Supplied data Block Start

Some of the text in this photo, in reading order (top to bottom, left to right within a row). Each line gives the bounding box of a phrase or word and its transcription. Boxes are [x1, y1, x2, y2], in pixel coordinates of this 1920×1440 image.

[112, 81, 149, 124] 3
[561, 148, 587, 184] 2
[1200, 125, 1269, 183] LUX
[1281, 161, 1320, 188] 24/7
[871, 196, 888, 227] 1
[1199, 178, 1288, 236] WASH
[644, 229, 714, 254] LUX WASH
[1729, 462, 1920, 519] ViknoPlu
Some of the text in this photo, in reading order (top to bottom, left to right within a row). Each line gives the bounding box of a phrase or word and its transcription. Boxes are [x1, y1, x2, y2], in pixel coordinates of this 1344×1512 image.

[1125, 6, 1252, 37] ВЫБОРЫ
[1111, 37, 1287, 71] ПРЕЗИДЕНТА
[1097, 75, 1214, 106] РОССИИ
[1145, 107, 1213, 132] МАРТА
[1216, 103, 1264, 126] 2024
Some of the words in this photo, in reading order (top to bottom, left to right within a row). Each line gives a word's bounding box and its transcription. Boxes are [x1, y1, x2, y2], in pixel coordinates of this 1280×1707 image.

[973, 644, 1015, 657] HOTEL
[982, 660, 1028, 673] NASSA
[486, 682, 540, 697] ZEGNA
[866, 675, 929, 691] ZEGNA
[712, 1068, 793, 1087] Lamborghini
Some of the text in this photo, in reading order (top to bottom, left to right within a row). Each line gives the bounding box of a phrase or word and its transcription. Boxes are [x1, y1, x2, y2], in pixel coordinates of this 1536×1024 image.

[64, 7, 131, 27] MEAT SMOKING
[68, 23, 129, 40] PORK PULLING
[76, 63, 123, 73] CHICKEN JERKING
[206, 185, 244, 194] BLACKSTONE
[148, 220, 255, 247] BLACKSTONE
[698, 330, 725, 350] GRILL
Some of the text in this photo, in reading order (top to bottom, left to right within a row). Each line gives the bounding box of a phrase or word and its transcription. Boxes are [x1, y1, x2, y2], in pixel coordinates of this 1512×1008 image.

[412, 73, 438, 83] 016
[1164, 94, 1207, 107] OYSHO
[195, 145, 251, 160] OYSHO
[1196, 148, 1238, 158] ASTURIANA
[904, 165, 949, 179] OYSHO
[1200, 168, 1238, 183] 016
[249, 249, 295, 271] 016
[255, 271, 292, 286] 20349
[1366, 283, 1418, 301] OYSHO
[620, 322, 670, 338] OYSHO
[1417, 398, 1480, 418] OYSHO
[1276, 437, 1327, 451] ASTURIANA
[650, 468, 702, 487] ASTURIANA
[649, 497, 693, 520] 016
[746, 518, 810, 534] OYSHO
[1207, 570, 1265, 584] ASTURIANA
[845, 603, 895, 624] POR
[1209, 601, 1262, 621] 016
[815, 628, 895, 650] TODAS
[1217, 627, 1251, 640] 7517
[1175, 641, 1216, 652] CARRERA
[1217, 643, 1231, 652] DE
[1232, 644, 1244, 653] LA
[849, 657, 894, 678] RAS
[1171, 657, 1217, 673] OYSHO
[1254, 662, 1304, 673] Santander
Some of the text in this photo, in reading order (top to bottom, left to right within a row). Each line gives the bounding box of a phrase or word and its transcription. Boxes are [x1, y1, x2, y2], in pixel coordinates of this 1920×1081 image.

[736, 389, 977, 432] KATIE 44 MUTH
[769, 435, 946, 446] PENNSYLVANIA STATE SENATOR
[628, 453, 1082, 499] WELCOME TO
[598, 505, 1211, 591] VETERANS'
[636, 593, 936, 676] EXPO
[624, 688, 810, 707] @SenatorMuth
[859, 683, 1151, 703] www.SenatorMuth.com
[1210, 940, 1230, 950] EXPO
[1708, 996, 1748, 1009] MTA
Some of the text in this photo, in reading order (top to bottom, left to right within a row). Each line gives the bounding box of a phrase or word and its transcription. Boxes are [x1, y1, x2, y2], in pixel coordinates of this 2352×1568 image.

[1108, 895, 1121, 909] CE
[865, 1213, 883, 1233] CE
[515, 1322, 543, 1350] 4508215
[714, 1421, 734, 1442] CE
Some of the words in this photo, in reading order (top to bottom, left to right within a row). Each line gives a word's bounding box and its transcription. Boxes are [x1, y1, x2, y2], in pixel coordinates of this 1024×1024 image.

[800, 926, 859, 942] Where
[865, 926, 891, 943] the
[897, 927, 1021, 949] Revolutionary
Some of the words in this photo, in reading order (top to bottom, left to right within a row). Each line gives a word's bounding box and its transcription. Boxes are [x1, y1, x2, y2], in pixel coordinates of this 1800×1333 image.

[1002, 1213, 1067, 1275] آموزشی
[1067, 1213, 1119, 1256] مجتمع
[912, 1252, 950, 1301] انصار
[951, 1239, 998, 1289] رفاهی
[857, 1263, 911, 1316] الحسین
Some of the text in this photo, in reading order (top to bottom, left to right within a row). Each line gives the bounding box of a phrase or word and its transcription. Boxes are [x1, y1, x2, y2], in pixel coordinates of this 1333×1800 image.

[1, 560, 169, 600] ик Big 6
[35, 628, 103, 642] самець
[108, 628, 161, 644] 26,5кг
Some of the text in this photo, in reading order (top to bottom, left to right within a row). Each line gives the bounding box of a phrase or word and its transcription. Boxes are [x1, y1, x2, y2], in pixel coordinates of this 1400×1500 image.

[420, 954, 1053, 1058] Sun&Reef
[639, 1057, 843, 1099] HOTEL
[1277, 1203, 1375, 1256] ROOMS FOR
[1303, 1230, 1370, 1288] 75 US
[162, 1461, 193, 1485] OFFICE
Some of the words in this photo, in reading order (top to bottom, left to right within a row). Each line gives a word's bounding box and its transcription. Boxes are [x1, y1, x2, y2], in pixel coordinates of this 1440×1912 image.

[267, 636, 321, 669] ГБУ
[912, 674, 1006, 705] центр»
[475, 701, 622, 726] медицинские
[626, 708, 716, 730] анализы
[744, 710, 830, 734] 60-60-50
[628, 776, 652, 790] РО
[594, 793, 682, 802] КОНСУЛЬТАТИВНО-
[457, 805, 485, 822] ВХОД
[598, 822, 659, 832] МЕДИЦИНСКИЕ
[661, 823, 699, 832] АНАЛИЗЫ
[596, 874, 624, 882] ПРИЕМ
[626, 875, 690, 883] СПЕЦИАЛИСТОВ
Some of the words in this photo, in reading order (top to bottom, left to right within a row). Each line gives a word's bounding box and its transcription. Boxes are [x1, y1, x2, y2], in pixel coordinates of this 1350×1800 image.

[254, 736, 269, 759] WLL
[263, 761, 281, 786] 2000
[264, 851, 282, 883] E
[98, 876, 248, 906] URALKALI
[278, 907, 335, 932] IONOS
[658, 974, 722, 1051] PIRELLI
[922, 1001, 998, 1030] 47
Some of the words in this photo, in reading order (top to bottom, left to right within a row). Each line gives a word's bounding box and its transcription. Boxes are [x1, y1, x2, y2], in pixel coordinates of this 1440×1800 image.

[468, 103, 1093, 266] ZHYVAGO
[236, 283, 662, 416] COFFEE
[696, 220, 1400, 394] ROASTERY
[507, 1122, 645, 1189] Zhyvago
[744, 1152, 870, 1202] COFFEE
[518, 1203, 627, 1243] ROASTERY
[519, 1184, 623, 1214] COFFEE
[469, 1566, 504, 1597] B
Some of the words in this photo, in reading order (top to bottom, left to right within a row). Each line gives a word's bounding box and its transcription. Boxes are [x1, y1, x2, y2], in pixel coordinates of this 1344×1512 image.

Supplied data Block End

**Description of the task:**
Each line of the data must be returned exactly.

**Task output:**
Some of the text in this photo, in reading order (top to bottom, left to right within a row). Each line gives the bounding box of a phrase or word and its transcription. Boxes are [x1, y1, x2, y2], in pixel coordinates of this 1920×1440 image.

[112, 81, 149, 124] 3
[561, 148, 587, 184] 2
[1200, 125, 1269, 183] LUX
[1281, 161, 1320, 188] 24/7
[871, 196, 888, 227] 1
[1199, 178, 1288, 236] WASH
[644, 229, 714, 254] LUX WASH
[1729, 462, 1920, 519] ViknoPlu
Some of the text in this photo, in reading order (top to bottom, left to right within a row). Each line gives the bounding box of a phrase or word and its transcription. Boxes are [x1, y1, x2, y2], in pixel coordinates of this 1344×1512 image.

[1125, 6, 1252, 37] ВЫБОРЫ
[1111, 37, 1287, 71] ПРЕЗИДЕНТА
[1097, 75, 1214, 106] РОССИИ
[1145, 107, 1213, 132] МАРТА
[1216, 103, 1264, 126] 2024
Some of the words in this photo, in reading order (top to bottom, left to right within a row). Each line gives a word's bounding box and its transcription. Boxes are [x1, y1, x2, y2], in pixel coordinates of this 1280×1707 image.

[973, 644, 1015, 657] HOTEL
[982, 660, 1028, 673] NASSA
[486, 682, 540, 697] ZEGNA
[866, 675, 929, 691] ZEGNA
[712, 1068, 793, 1087] Lamborghini
Some of the text in this photo, in reading order (top to bottom, left to right within a row). Each line gives the bounding box of a phrase or word and its transcription. Boxes are [x1, y1, x2, y2], in pixel coordinates of this 1536×1024 image.

[64, 7, 131, 27] MEAT SMOKING
[68, 23, 129, 40] PORK PULLING
[76, 63, 123, 73] CHICKEN JERKING
[206, 185, 244, 194] BLACKSTONE
[148, 220, 255, 247] BLACKSTONE
[698, 330, 725, 350] GRILL
Some of the text in this photo, in reading order (top to bottom, left to right within a row). Each line gives the bounding box of a phrase or word and its transcription. Boxes are [x1, y1, x2, y2], in pixel coordinates of this 1512×1008 image.

[412, 73, 438, 83] 016
[1164, 94, 1207, 107] OYSHO
[195, 145, 251, 160] OYSHO
[1196, 148, 1238, 158] ASTURIANA
[904, 165, 949, 179] OYSHO
[1200, 168, 1238, 183] 016
[249, 249, 295, 271] 016
[255, 271, 292, 286] 20349
[1366, 283, 1418, 301] OYSHO
[620, 322, 670, 338] OYSHO
[1417, 398, 1480, 418] OYSHO
[1276, 437, 1327, 451] ASTURIANA
[650, 468, 702, 487] ASTURIANA
[649, 497, 693, 520] 016
[746, 518, 810, 534] OYSHO
[1207, 570, 1265, 584] ASTURIANA
[845, 603, 895, 624] POR
[1209, 601, 1262, 621] 016
[815, 628, 895, 650] TODAS
[1217, 627, 1251, 640] 7517
[1175, 641, 1216, 652] CARRERA
[1217, 643, 1231, 652] DE
[1232, 644, 1244, 653] LA
[849, 657, 894, 678] RAS
[1171, 657, 1217, 673] OYSHO
[1254, 662, 1304, 673] Santander
Some of the text in this photo, in reading order (top to bottom, left to right within a row). Each line gives the bounding box of a phrase or word and its transcription. Boxes are [x1, y1, x2, y2], in pixel coordinates of this 1920×1081 image.

[736, 389, 977, 432] KATIE 44 MUTH
[769, 435, 946, 446] PENNSYLVANIA STATE SENATOR
[628, 453, 1082, 499] WELCOME TO
[598, 505, 1211, 591] VETERANS'
[636, 593, 936, 676] EXPO
[624, 688, 810, 707] @SenatorMuth
[859, 683, 1151, 703] www.SenatorMuth.com
[1210, 940, 1230, 950] EXPO
[1708, 996, 1748, 1009] MTA
Some of the text in this photo, in reading order (top to bottom, left to right within a row). Each line gives the bounding box of a phrase or word and its transcription. Boxes are [x1, y1, x2, y2], in pixel coordinates of this 2352×1568 image.

[1108, 895, 1121, 909] CE
[865, 1213, 883, 1233] CE
[515, 1322, 543, 1350] 4508215
[714, 1421, 734, 1442] CE
Some of the words in this photo, in reading order (top to bottom, left to right within a row). Each line gives a word's bounding box and its transcription. Boxes are [x1, y1, x2, y2], in pixel coordinates of this 1024×1024 image.

[800, 926, 859, 942] Where
[865, 926, 891, 943] the
[897, 927, 1021, 949] Revolutionary
Some of the words in this photo, in reading order (top to bottom, left to right within a row). Each line gives a word's bounding box and its transcription. Boxes are [x1, y1, x2, y2], in pixel coordinates of this 1800×1333 image.

[1002, 1213, 1067, 1275] آموزشی
[1067, 1213, 1119, 1256] مجتمع
[912, 1252, 950, 1301] انصار
[951, 1239, 998, 1289] رفاهی
[857, 1263, 911, 1316] الحسین
Some of the text in this photo, in reading order (top to bottom, left to right within a row). Each line gives the bounding box of a phrase or word and its transcription. Boxes are [x1, y1, x2, y2], in pixel coordinates of this 1333×1800 image.

[1, 560, 169, 600] ик Big 6
[35, 628, 103, 642] самець
[108, 628, 161, 644] 26,5кг
Some of the text in this photo, in reading order (top to bottom, left to right within a row). Each line gives the bounding box of a phrase or word and its transcription. Boxes are [x1, y1, x2, y2], in pixel coordinates of this 1400×1500 image.

[420, 954, 1053, 1058] Sun&Reef
[639, 1057, 843, 1099] HOTEL
[1277, 1203, 1375, 1256] ROOMS FOR
[1303, 1230, 1370, 1288] 75 US
[162, 1461, 193, 1485] OFFICE
Some of the words in this photo, in reading order (top to bottom, left to right within a row). Each line gives a word's bounding box and its transcription. Boxes are [x1, y1, x2, y2], in pixel coordinates of this 1440×1912 image.

[267, 636, 321, 669] ГБУ
[912, 674, 1006, 705] центр»
[475, 701, 622, 726] медицинские
[626, 708, 716, 730] анализы
[744, 710, 830, 734] 60-60-50
[628, 776, 652, 790] РО
[594, 793, 682, 802] КОНСУЛЬТАТИВНО-
[457, 805, 485, 822] ВХОД
[598, 822, 659, 832] МЕДИЦИНСКИЕ
[661, 823, 699, 832] АНАЛИЗЫ
[596, 874, 624, 882] ПРИЕМ
[626, 875, 690, 883] СПЕЦИАЛИСТОВ
Some of the words in this photo, in reading order (top to bottom, left to right within a row). Each line gives a word's bounding box and its transcription. Boxes are [x1, y1, x2, y2], in pixel coordinates of this 1350×1800 image.

[254, 736, 269, 759] WLL
[263, 761, 281, 786] 2000
[264, 851, 282, 883] E
[98, 876, 248, 906] URALKALI
[278, 907, 335, 932] IONOS
[658, 974, 722, 1051] PIRELLI
[922, 1001, 998, 1030] 47
Some of the words in this photo, in reading order (top to bottom, left to right within a row). Each line gives a word's bounding box and its transcription. Boxes are [x1, y1, x2, y2], in pixel coordinates of this 1440×1800 image.

[468, 103, 1093, 266] ZHYVAGO
[236, 283, 662, 416] COFFEE
[696, 220, 1400, 394] ROASTERY
[507, 1122, 645, 1189] Zhyvago
[744, 1152, 870, 1202] COFFEE
[518, 1203, 627, 1243] ROASTERY
[519, 1184, 623, 1214] COFFEE
[469, 1566, 504, 1597] B
Some of the words in this photo, in reading order (top to bottom, left to right within a row). Each line gives a word's bounding box and its transcription. Boxes are [x1, y1, x2, y2], in pixel coordinates of this 1344×1512 image.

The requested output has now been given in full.